Ruby, otherwise known as Madame Cat, is also Michael's nightly dominatrix. He always sleeps better if she is just within the reach of his outstretched hand. We have often considered that hospital stays would be a great deal more tolerable if the Fickle Fairweather Feline was permitted to board with him. Though she would be pretty useless helping him to the loo.

Recently, the Cat has begun costing us a small fortune. We had been profoundly relieved with the news that her blood pressure is now under control, her renal disease stable and her eyesight not deteriorating any further. However, monthly check-ups at the vet are our penance.  This involves placing the said indignant cat in her carrier, enduring a fifty-minute feline yodel all the way to Northam, leaving her for blood pressure monitoring and a blood test, paying a King's ransom and suffering the plaintive yowling all the way home. Then, of course, there is the special diet and the daily tiny tablet that we have to plant in the back of her protesting mouth whilst she is wrapped up like a burrito.

Then there is Red. the Pirate Gallery Parrot, Red from the "The Shawshank Redemption" and "RED", the laugh out loud (and quite violent) movie featuring some of my acting idols.

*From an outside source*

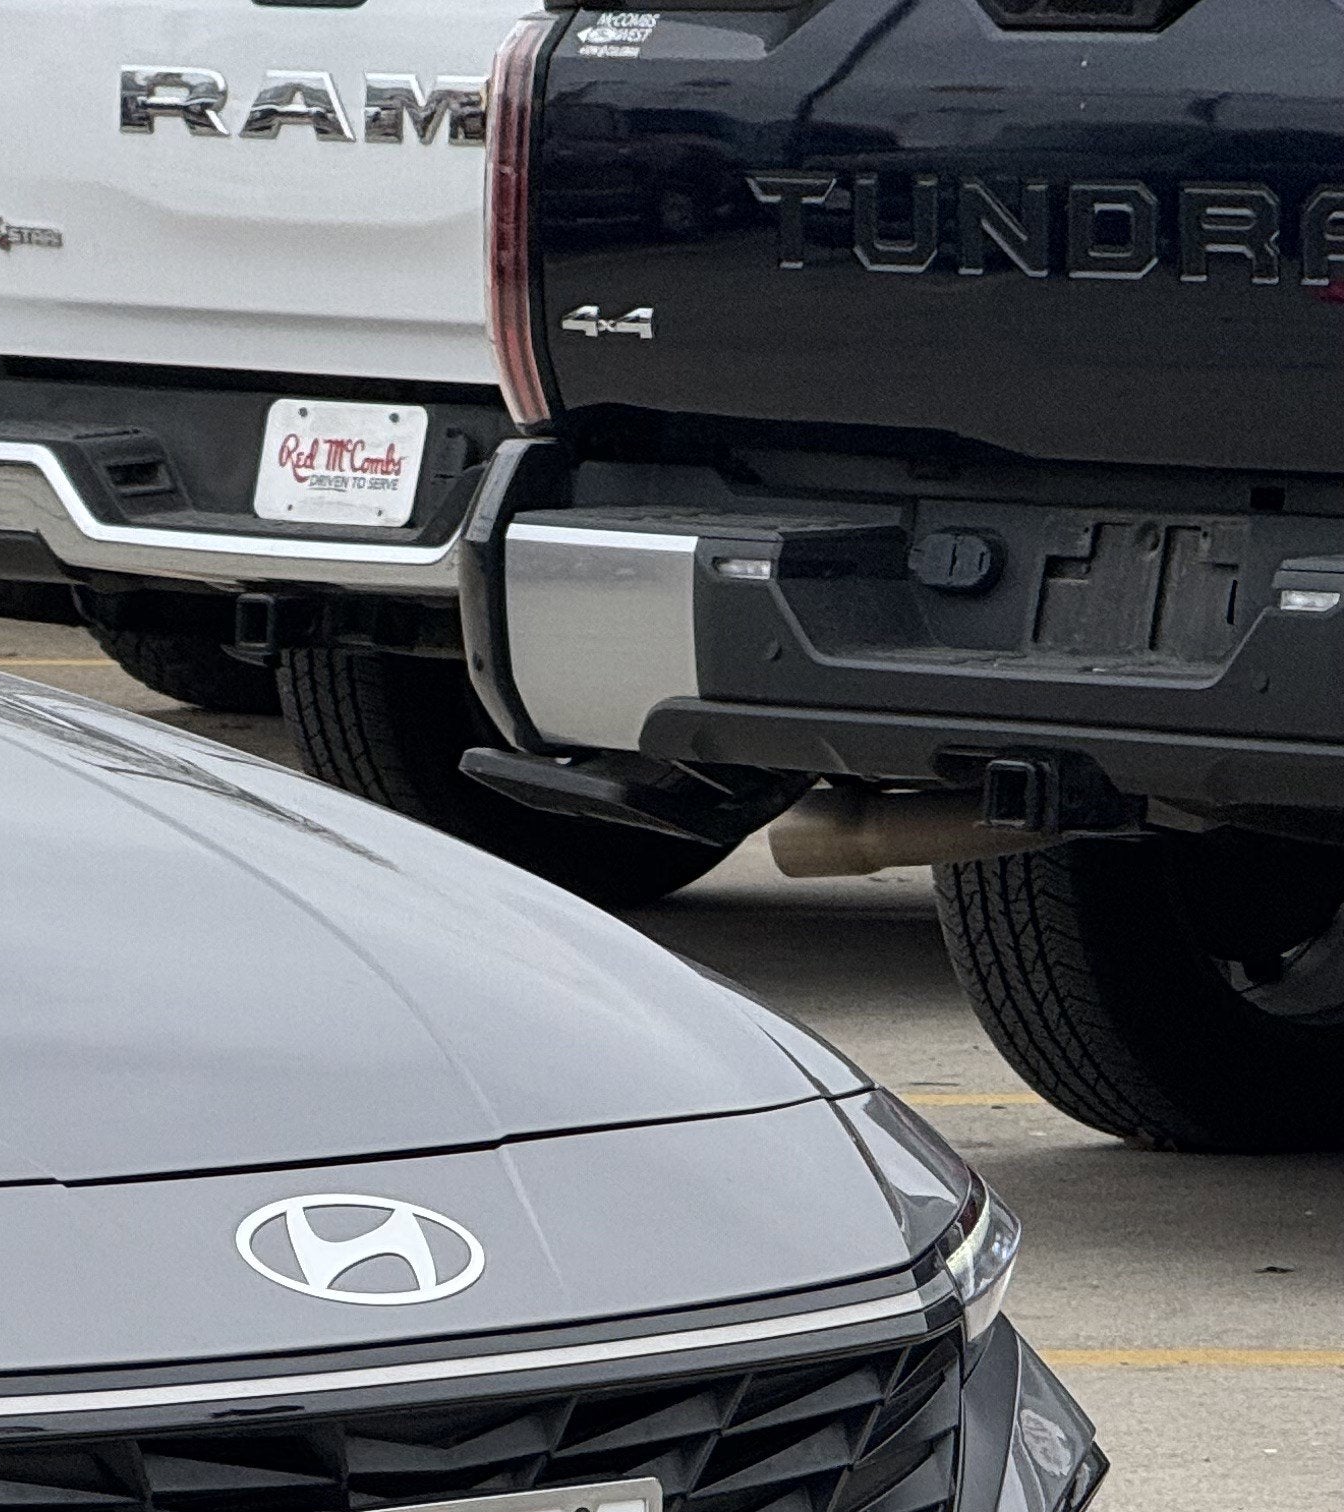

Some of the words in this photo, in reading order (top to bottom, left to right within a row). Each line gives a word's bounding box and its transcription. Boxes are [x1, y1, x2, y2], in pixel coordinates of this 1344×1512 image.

When a film has John Malkovich, Helen Mirren, Bruce Willis and Morgan Freeman (amongst others) in a high voltage sendup of the CIA, it certainly delivered as a seat-of-my-pants ride rather than a dud.

Red the Parrot is a typical Australian bloke. Rude, messy, opinionated, with a squawk that rattles one's head internally, he only speaks when he wishes, has more facial expressions than I ever imagined a bird could possess and bitterly resents having his wing clipped. Very much like some Australian males, now I come to think of his traits. Once, whilst being bird-sat, he greeted Vicki with the fantastic opening lines of "Hello Fathead. Give us a kiss?". Needless to say, she declined.

Sure, there are names that I would prefer not recalling. However, in the great scheme of things, there are far more names in my repertoire that conjure delight, amusement, respect and love. Always love.

Somewhat unfortunate names...






Now for something completely different...



Who's been eating my biscuit...


Muddy, flat out at the East End Gallery...


Madame Cat's opinion of her carrier...


 Sod off...


Madame Cat on our bed...


 It's the BEAGLE...


Incarcerated in the Gallery...


As our pre-wash cycle (before she became too heavy)...


Gallery Pirate Parrot...


Are you paying attention...?


Here's looking at you, kid!




Saturday 28 April 2018

Decisions...Decisions...

Is it just me or is 2018 hurtling past us at an obscene rate of knots? Time is rushing away from us, yet the speed of completing tasks hasn't kept up the pace.

Take our wall, for example. Now completed, we have been given a beautiful bespoke piece of architecture by Kernowstone, led by the competent and amiable Mark Libby and incredibly hardworking offsider Joel. However, the brick paving still has to be laid, three weeks after the project began. Thus, we have ongoing issues with dusty Beagle pawprints all over the floors, the lounges and even on our bedhead,  evidence that the Problem Child attempted to break out the high window. Ye Gods...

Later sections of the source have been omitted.